Tinha também uma fábrica de curtir e curtia dores como ninguém. Mas tinha pouca extracção. Uma Parteira é quem lhe comprava algumas lá para as suas freguesas quando as precisavam, e alguém que comprava para algum presente. Mas elas para isso não prestavam. Eram como as bichas más, que não pegam. Que a pegarem as tais dores, não havia ninguém a fazer melhor negócio do que ele. Que gosto não seria poder a gente enviar uma dor a um amigo ou a qualquer pessoa a quem fosse obrigado? Um estupor que fosse, quanto mais uma dor! Eu não sentia moléstia nenhuma, vivia muito à minha vontade. Estava como caseiro de quinta que é o verdadeiro dono. O meu gotoso não lhe importava a cabeça para nada e mesmo para nada lhe servia. Ele tinha outras coisas de muito mais interesse e cuidado. Um negócio em que ele andava metido, se o conseguisse tinha feito a sua fortuna. Era o de fazer pastéis de enxúndia de galinha e tinha morto, por amor disto, mais de mil e já tinha reduzido a enxúndia a nata. Andava vendo se fazia das penas manteiga e já as tinha também reduzido a leite. A coisa estava por um triz.

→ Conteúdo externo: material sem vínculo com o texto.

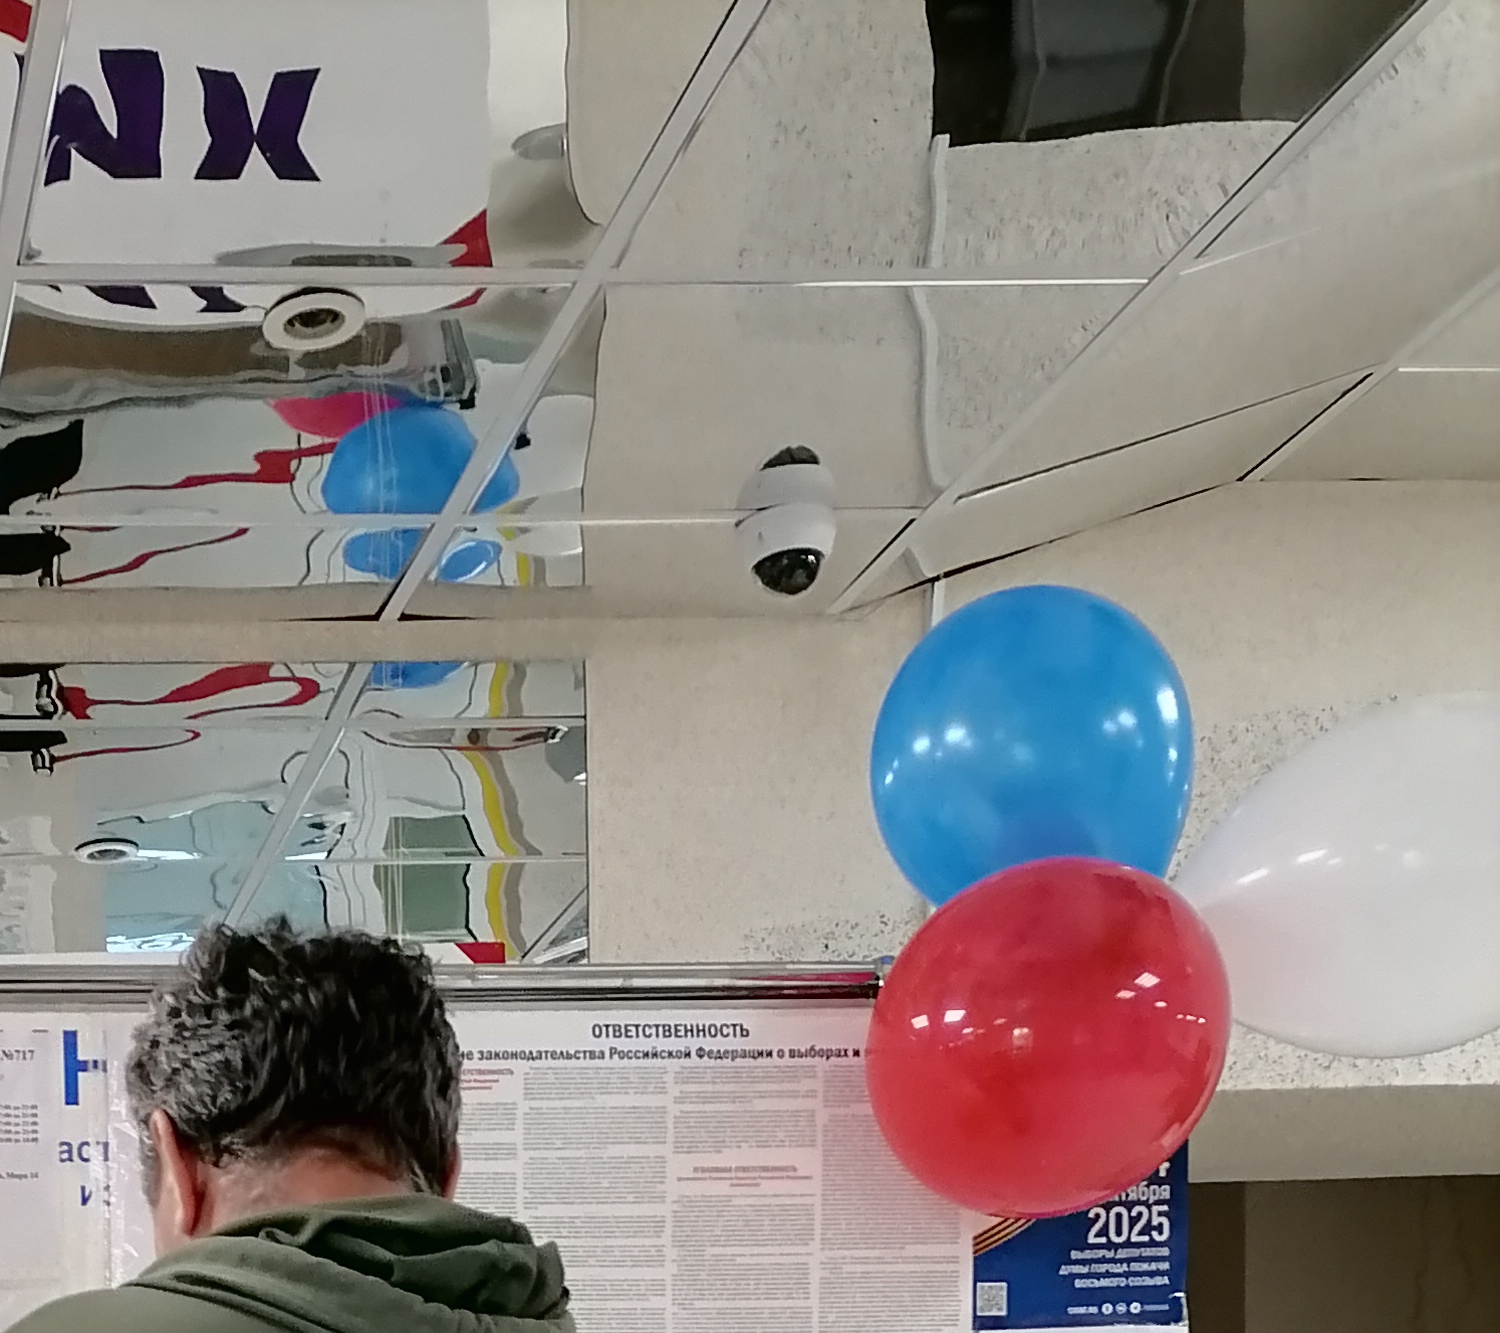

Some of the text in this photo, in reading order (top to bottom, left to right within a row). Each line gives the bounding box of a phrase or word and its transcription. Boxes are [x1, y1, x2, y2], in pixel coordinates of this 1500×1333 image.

[591, 1022, 750, 1039] ОТВЕТСТВЕННОСТЬ
[477, 1046, 605, 1063] законодательства
[609, 1044, 691, 1061] Российской
[695, 1044, 774, 1062] Федерации
[788, 1045, 850, 1061] выборах
[1087, 1204, 1170, 1243] 2025

Era um grande Químico. Tinha feito de arféloa camurça e mandado vir, por sua conta, cem pipas de melaço para apanhar moscas, para cujo fim compôs um tratadinho do modo de as apanhar sem meter prego nem estopa. Também se não fora as dores que ele passava, era um dos homens mais cheios de coisas novas e boas. Já sabia o modo de pegar a gota em pano, que é das melhores coisas que têm aparecido neste género. Em ele morrendo, há-de ter muito valor, é mesmo um original. Mas de nada lhe serviu tanta habilidade. Uma noite foi atacado tão fortemente que o julguei morto. Ficou de cama muito tempo. Vinham alguns amigos diverti-lo, fazer-lhe companhia e jogar com ele.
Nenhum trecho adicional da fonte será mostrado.